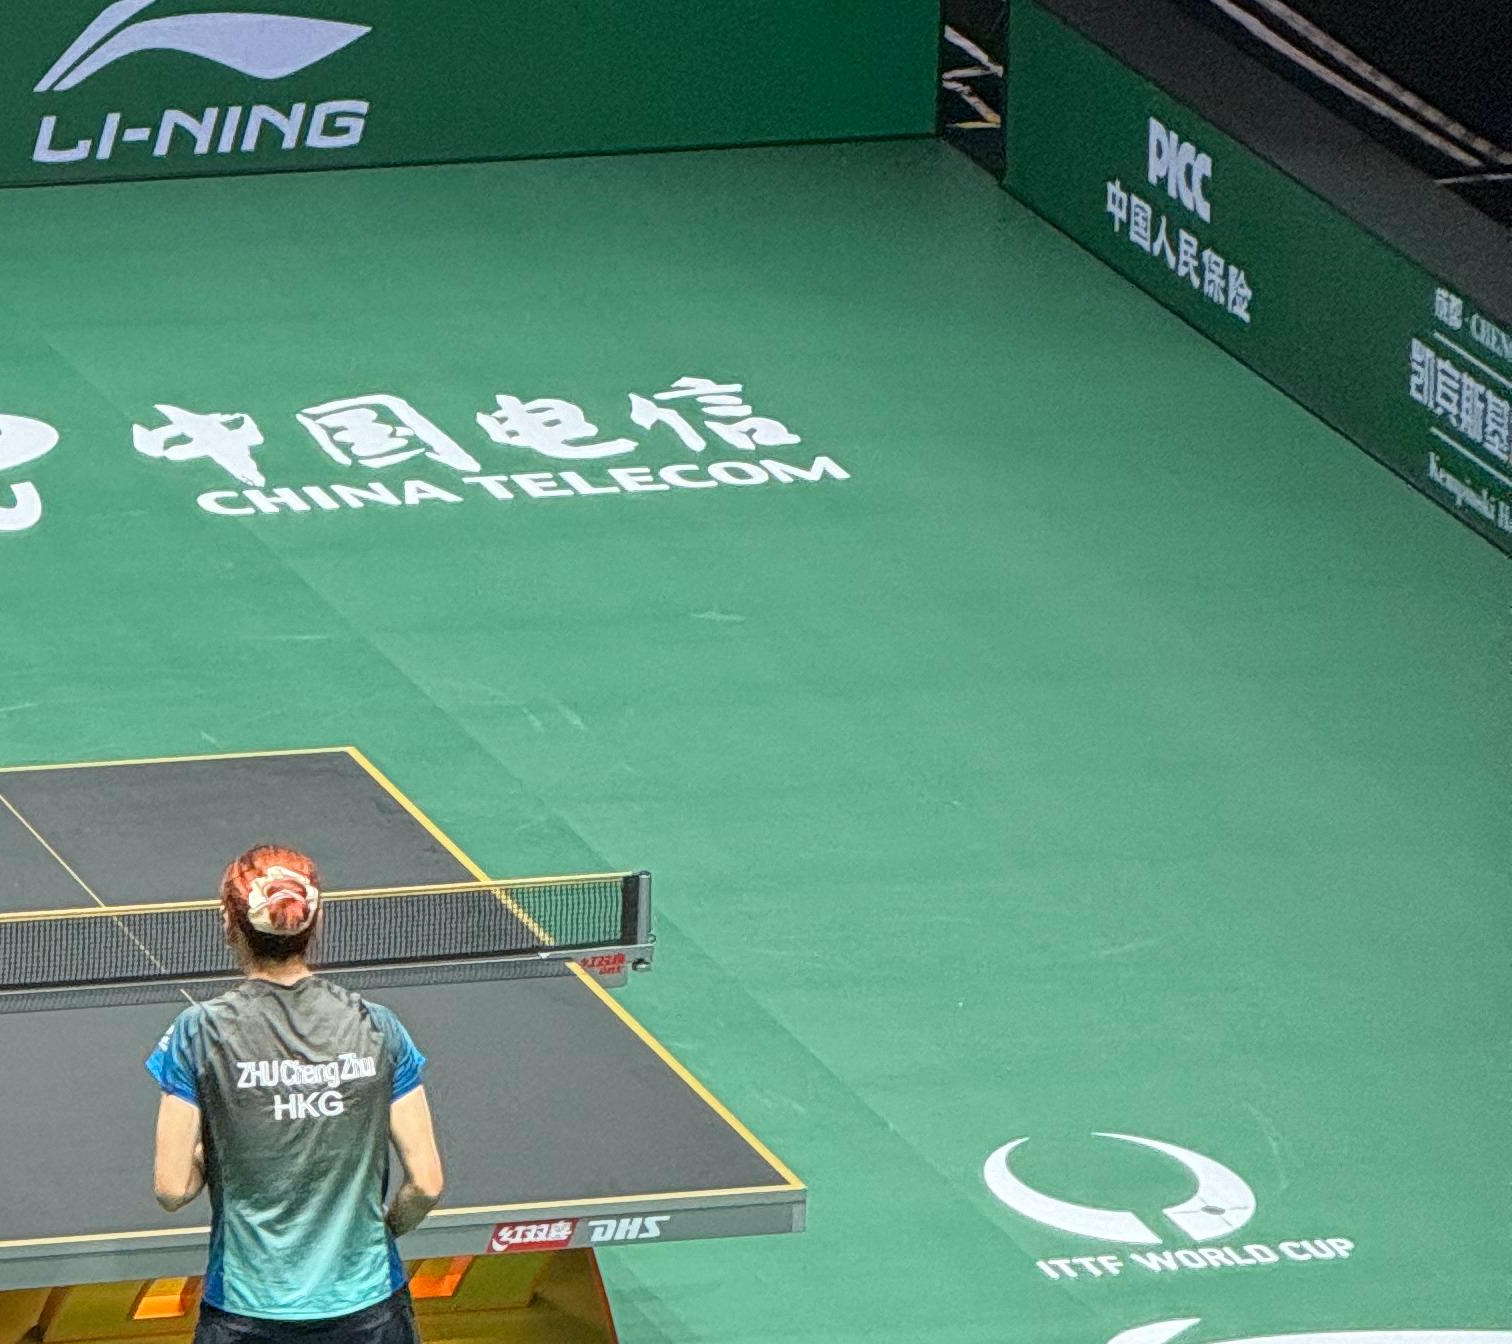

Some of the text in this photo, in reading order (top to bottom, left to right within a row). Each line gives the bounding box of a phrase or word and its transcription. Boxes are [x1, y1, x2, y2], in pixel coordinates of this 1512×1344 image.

[32, 99, 370, 164] LI-NING
[1147, 115, 1213, 225] PICC
[1106, 176, 1254, 325] 中国人民保险
[131, 376, 803, 488] 中国电信
[196, 455, 851, 517] CHINA TELECOM
[273, 1090, 345, 1121] HKG
[588, 1215, 671, 1242] DHS
[1036, 1237, 1356, 1281] ITTF WORLD CUP
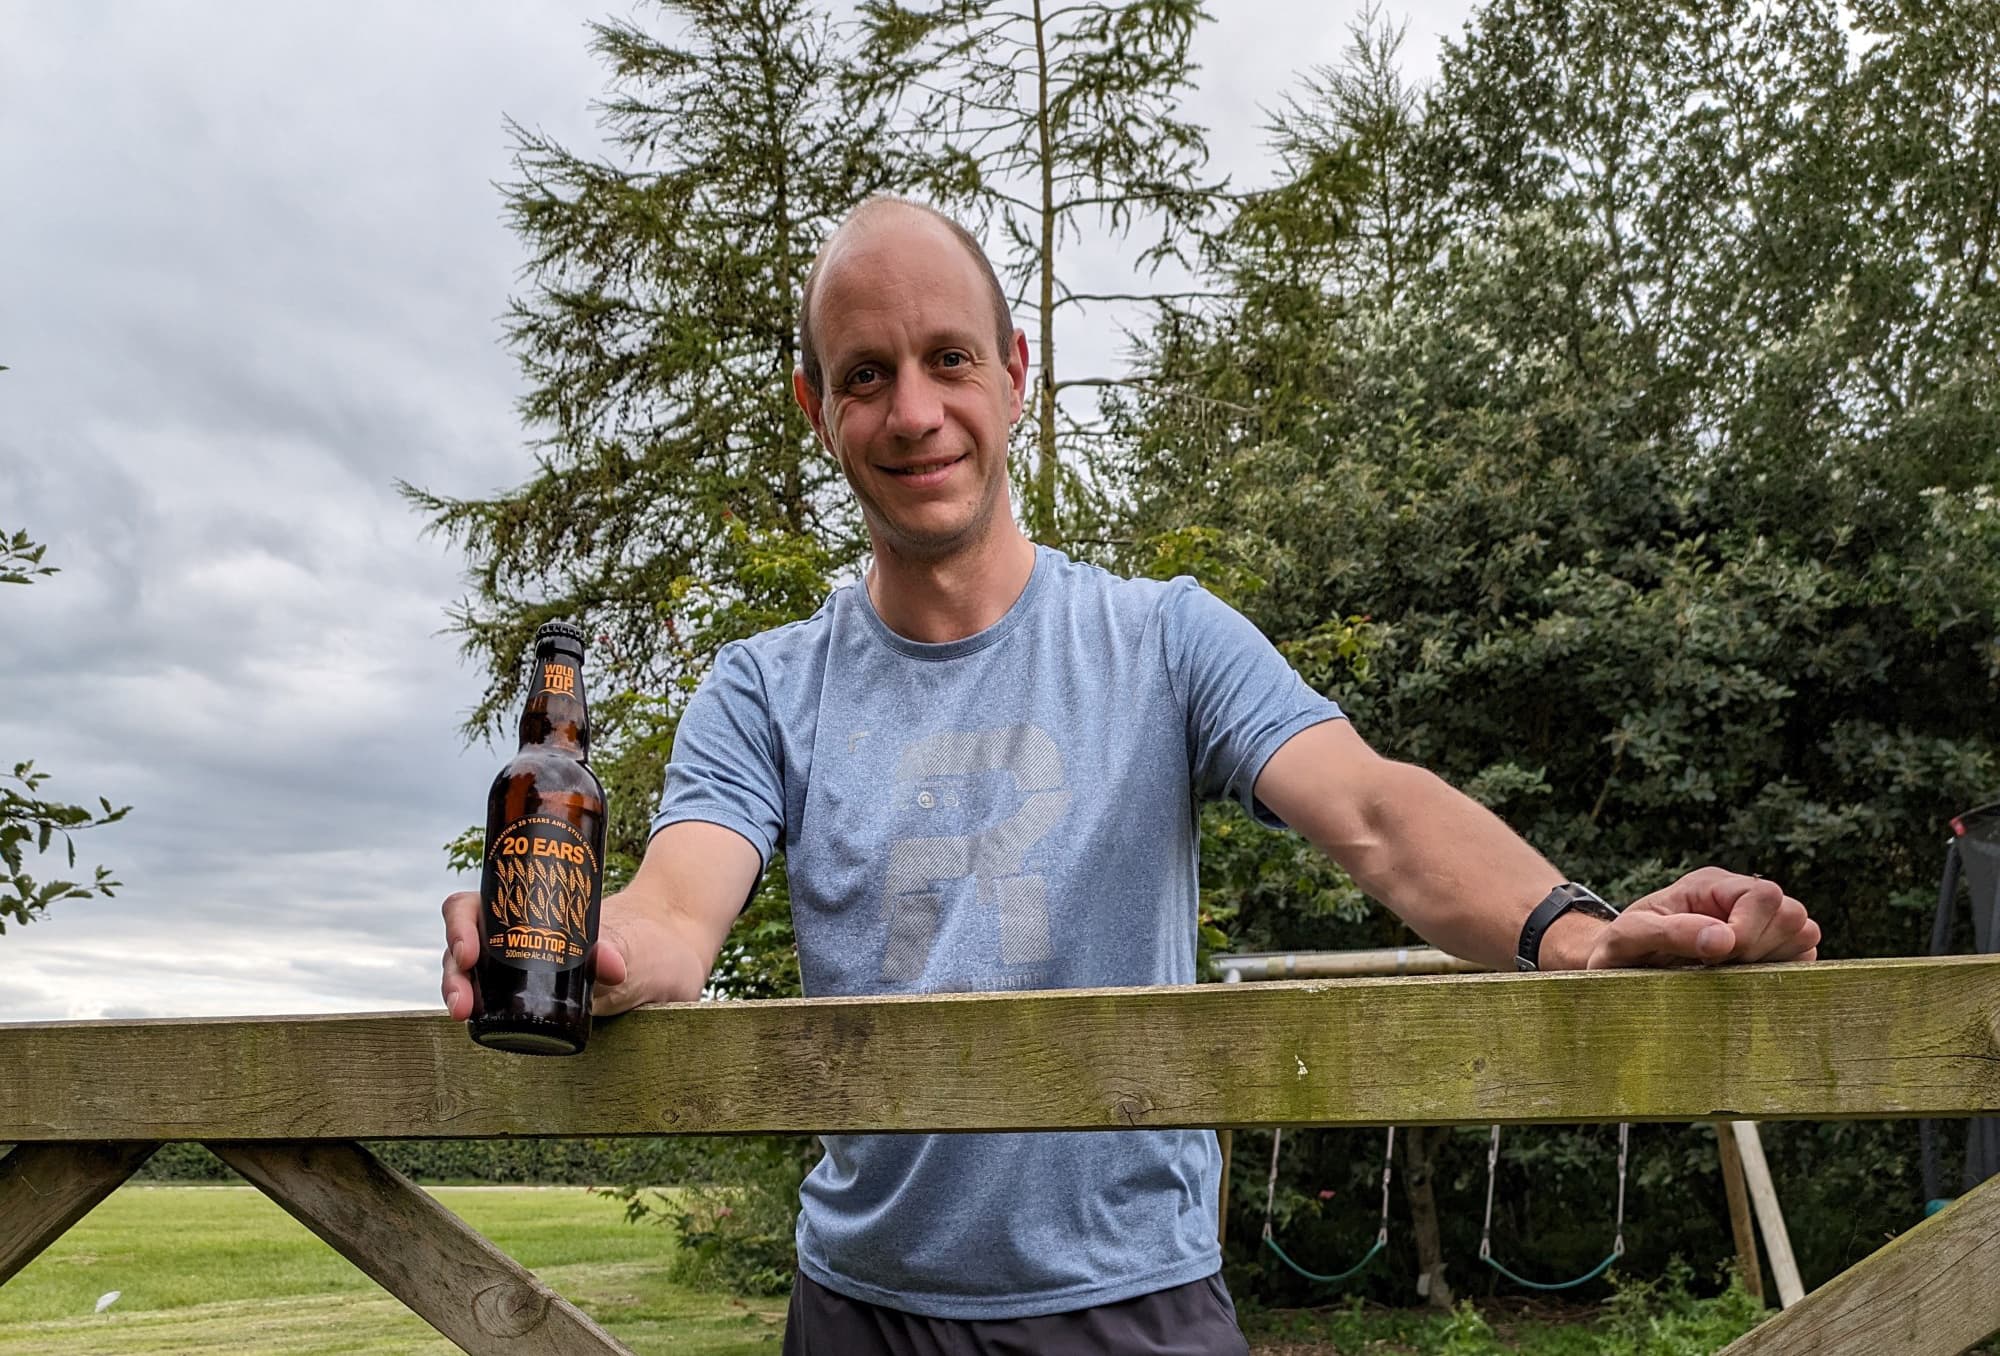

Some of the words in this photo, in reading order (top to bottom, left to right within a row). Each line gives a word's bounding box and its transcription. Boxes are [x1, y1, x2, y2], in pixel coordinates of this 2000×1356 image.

• Task statement
Print out the complete listing above exactly, dropping each image.

• Answer to this task
Some of the text in this photo, in reading order (top to bottom, left to right within a row). Each line gives the bounding box of a phrase or word and its transcription. Boxes are [x1, y1, x2, y2], in pixel coordinates of this 1512×1344 image.

[32, 99, 370, 164] LI-NING
[1147, 115, 1213, 225] PICC
[1106, 176, 1254, 325] 中国人民保险
[131, 376, 803, 488] 中国电信
[196, 455, 851, 517] CHINA TELECOM
[273, 1090, 345, 1121] HKG
[588, 1215, 671, 1242] DHS
[1036, 1237, 1356, 1281] ITTF WORLD CUP

Some of the words in this photo, in reading order (top to bottom, left to right within a row). Each line gives a word's bounding box and its transcription. Boxes are [x1, y1, x2, y2], in pixel coordinates of this 2000×1356 image.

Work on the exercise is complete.